Leading disease forecasters, whose research the White House used to conclude 100,000 to 240,000 people will die nationwide from the coronavirus, were mystified when they saw the administration’s projection this week.
The experts said they don’t challenge the numbers’ validity but said they don’t know how the White House arrived at them.
White House officials have refused to explain how they generated the figure — a death toll bigger than the United States suffered in the Vietnam War or the Sept. 11, 2001, terrorist attacks. They have not provided the underlying data so others can assess its reliability or provided long-term strategies to lower that death count.

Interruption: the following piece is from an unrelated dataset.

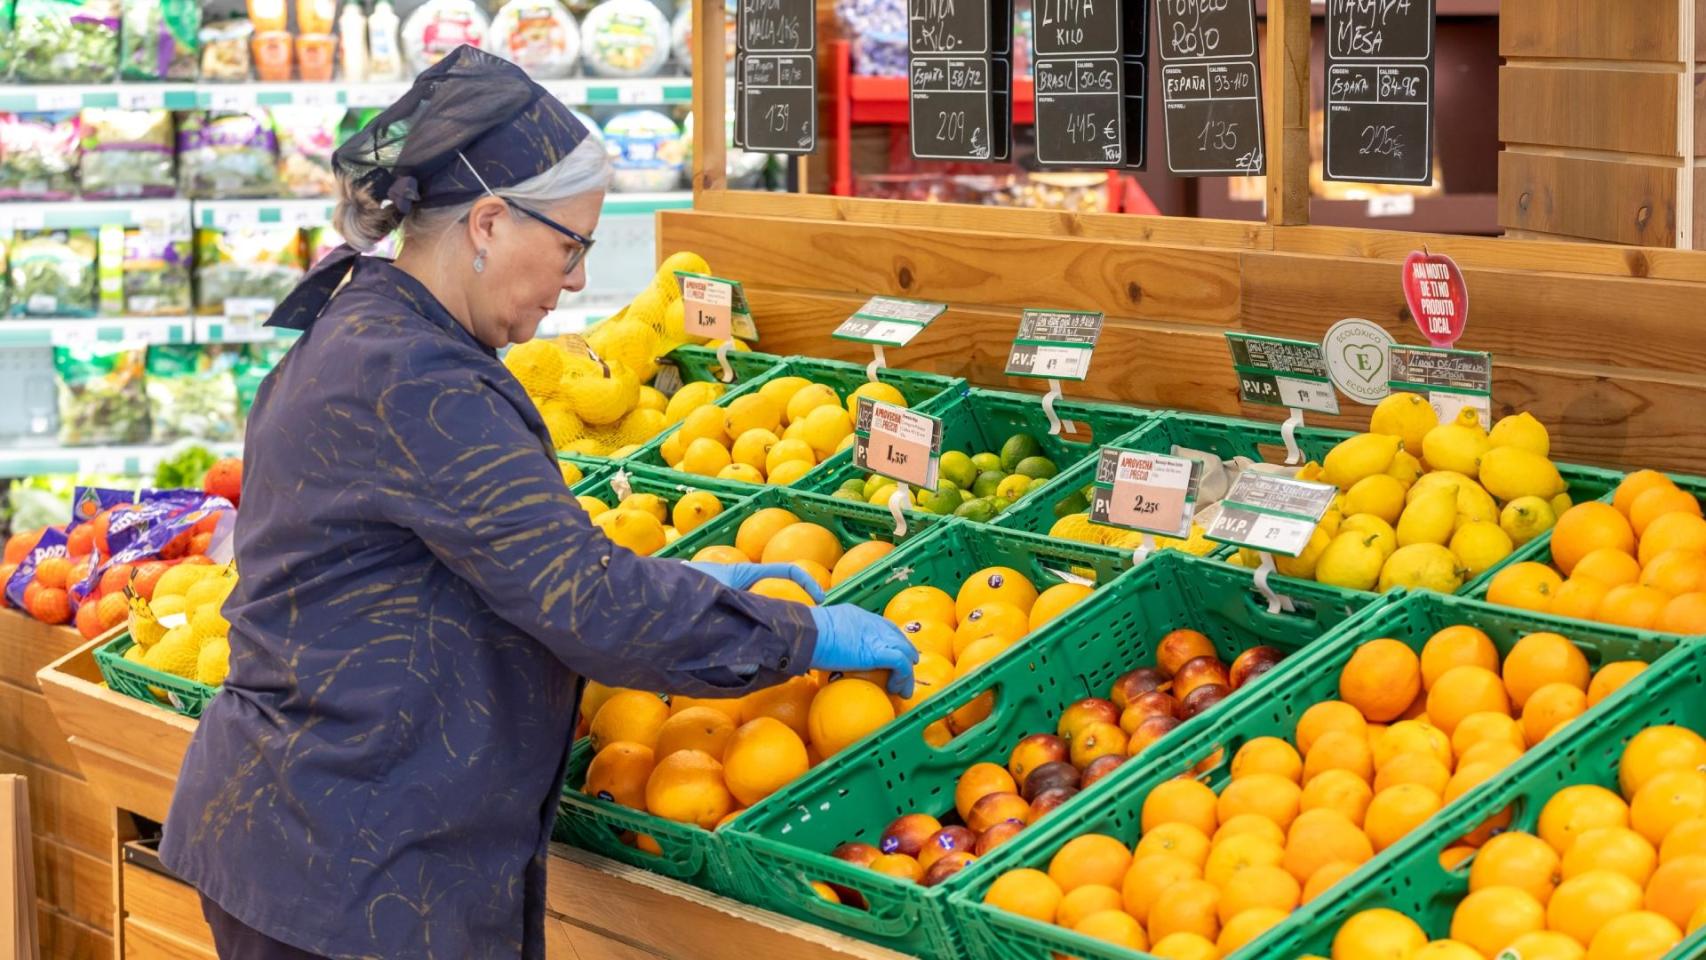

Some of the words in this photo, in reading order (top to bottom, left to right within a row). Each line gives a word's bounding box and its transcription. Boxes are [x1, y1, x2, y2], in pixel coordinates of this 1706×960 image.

Some of President Trump’s top advisers have expressed doubts about the estimate, according to three White House officials who spoke on the condition of anonymity because they were not authorized to speak publicly. There have been fierce debates inside the White House about its accuracy.
At a task force meeting this week, according to two officials with direct knowledge of it, Anthony S. Fauci, director of the National Institute of Allergy and Infectious Diseases, told others there are too many variables at play in the pandemic to make the models reliable: “I’ve looked at all the models. I’ve spent a lot of time on the models. They don’t tell you anything. You can’t really rely upon models.”
Robert Redfield, director of Centers for Disease Control and Prevention, and the vice president’s office have similarly voiced doubts about the projections’ accuracy, the three officials said.
Jeffrey Shaman, a Columbia University epidemiologist whose models were cited by the White House, said his own work on the pandemic doesn’t go far enough into the future to make predictions akin to the White House fatality forecast.
“We don’t have a sense of what’s going on in the here and now, and we don’t know what people will do in the future,” he said. “We don’t know if the virus is seasonal, as well.”
The estimate appeared to be a rushed affair, said Marc Lipsitch, a leading epidemiologist and director of Harvard University’s Center for Communicable Disease Dynamics. “They contacted us, I think, on a Tuesday a week ago, and asked for answers and feedback by Thursday, basically 24 hours,” he said. “My initial response was we can’t do it that fast. But we ended up providing them some numbers responding to very specific scenarios.”
Other experts noted that the White House didn’t even explain the time period the death estimate supposedly captures — just the coming few months, or the year-plus it will take to deploy a vaccine.